C'était la première fois et c'était insensé. Immoral. On en parlait dans tout Québec, et tout le long du fleuve jusqu'à Montréal.
M. de Loménie avait beau rappeler que lorsque M. de Maisonneuve et ses hommes étaient montés s'installer dans l'île de Montréal pour fonder Ville-Marie, Mlle Mance, qui l'accompagnait, se trouvait dans une situation analogue et même plus scabreuse que celle de Mme de Peyrac, on ne l'écoutait pas. On lui rétorquait que M. de Maisonneuve avait avec lui la cohorte des anges et des saints, et la présence de deux aumôniers, eux bien visibles, et qu'il avait planté lui-même la croix sur le Mont-Royal, tandis que ces Peyrac se faisaient accompagner d'hommes impies, paillards et hérétiques, parmi lesquels la comtesse, sans doute, choisissait ses amants.

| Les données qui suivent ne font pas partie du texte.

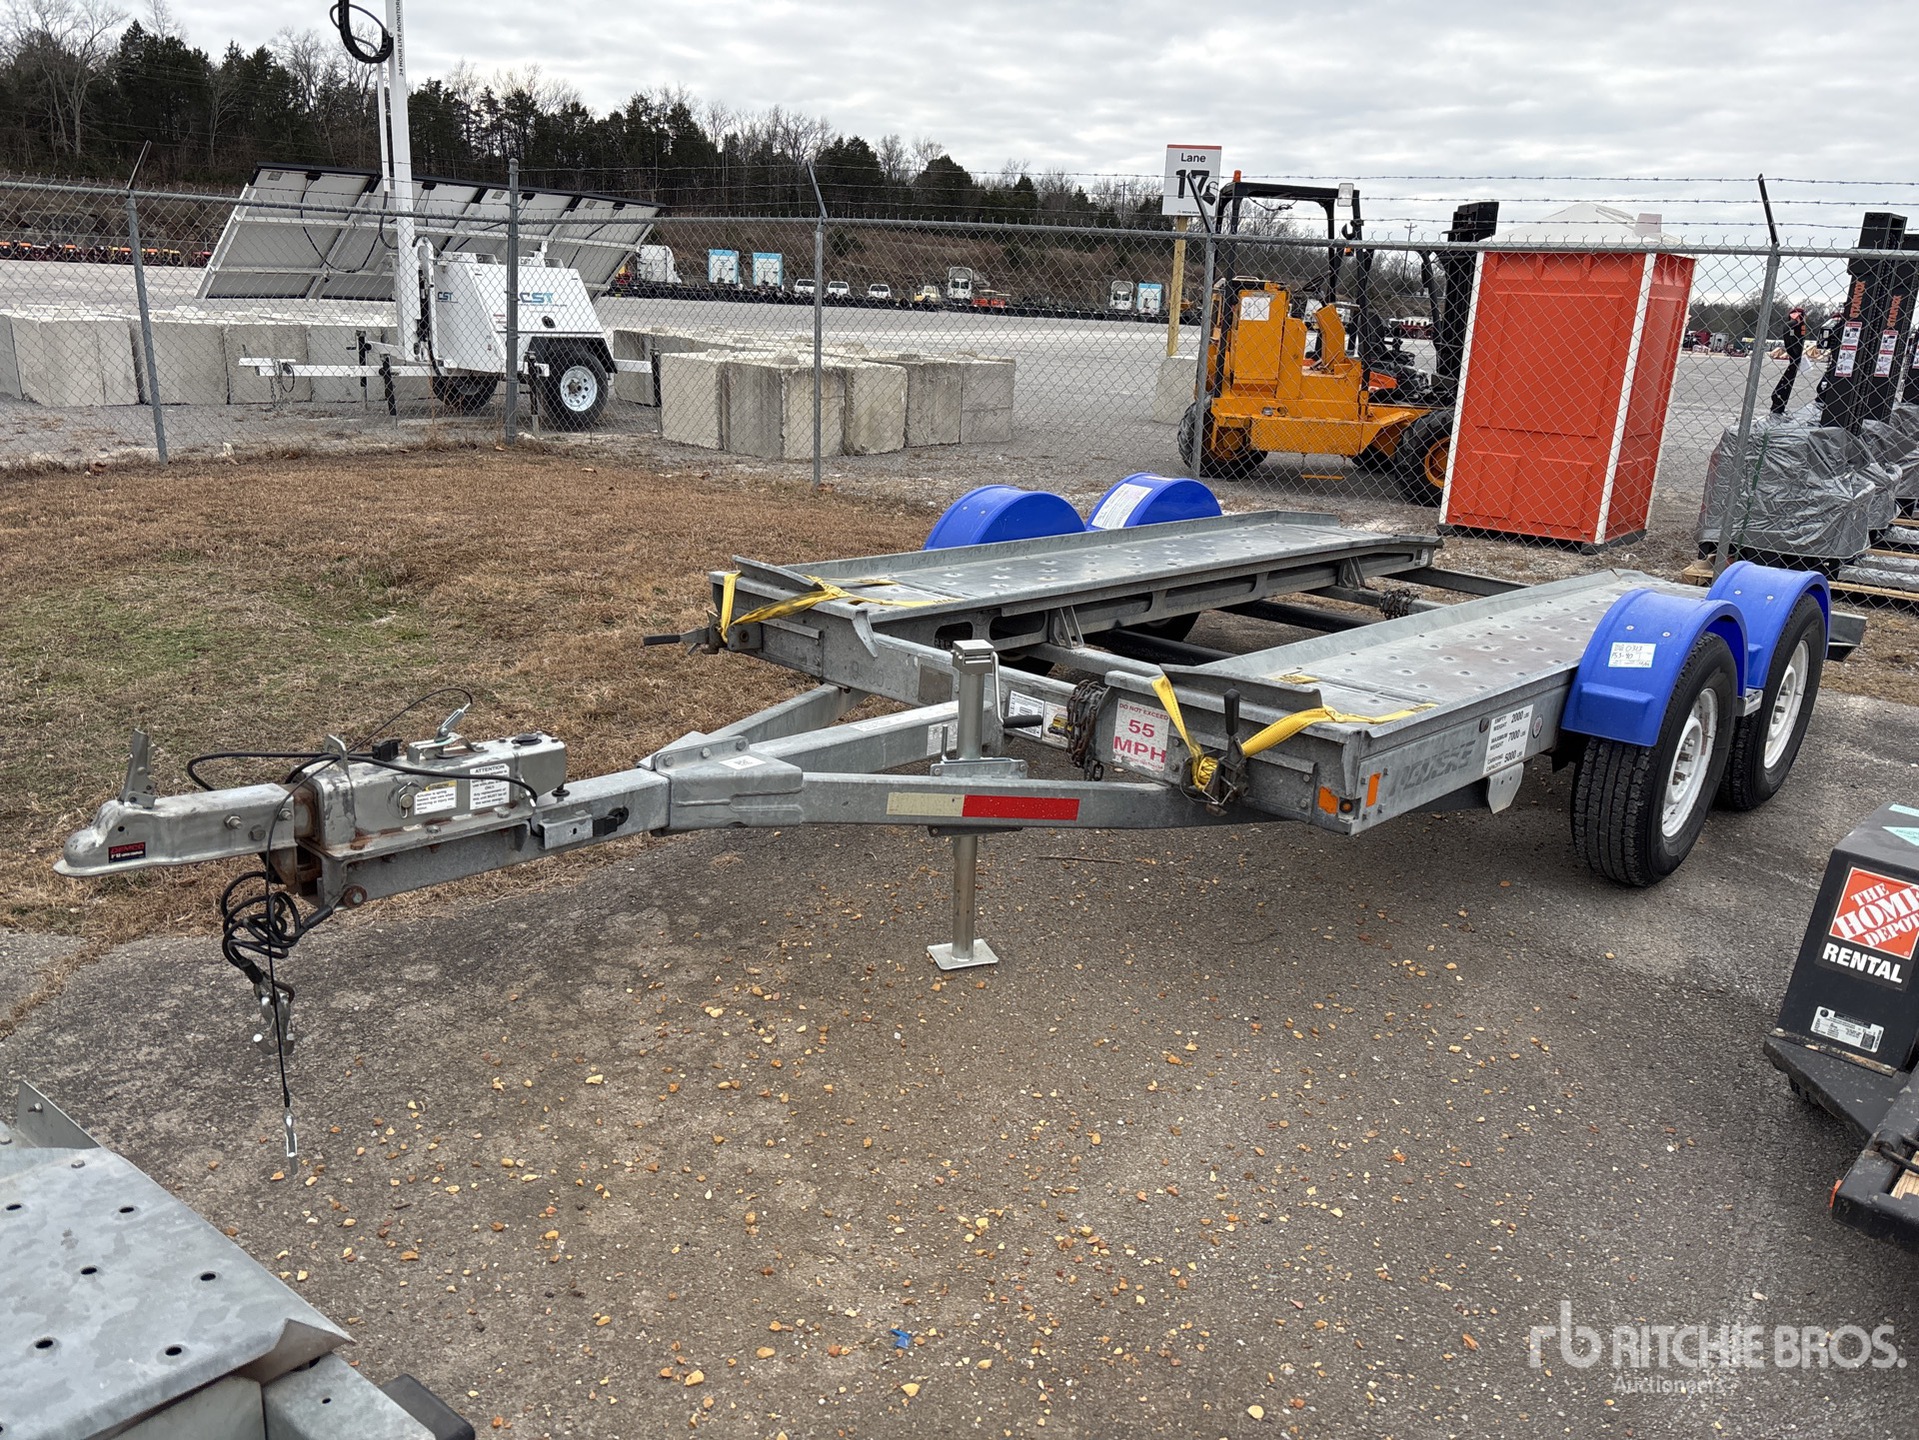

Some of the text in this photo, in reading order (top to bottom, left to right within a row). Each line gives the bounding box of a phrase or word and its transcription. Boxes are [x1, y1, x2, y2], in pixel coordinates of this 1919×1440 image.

Pont-Briand savait ce qu'on racontait. Lors d'un voyage qu'il avait dû faire à Québec, il avait comparu devant l'aréopage du Grand Conseil et il avait été interrogé par monseigneur Laval, par les jésuites et, en aparté, par le gouverneur Frontenac. Il répétait à tous que cette femme était la plus belle du monde, que – oui, c'était certain, il ne pouvait le cacher – elle lui avait ravi le cœur. Et ses descriptions de plus en plus dithyrambiques achevaient de créer un état d'hystérie autour de la femme inconnue. Dans les rues on le regarder passer avec un mélange d'effroi et d'envie. « Voyez dans quel état elle l'a mis !... Mon Dieu ! Est-ce possible ?... d'un seul regard !... »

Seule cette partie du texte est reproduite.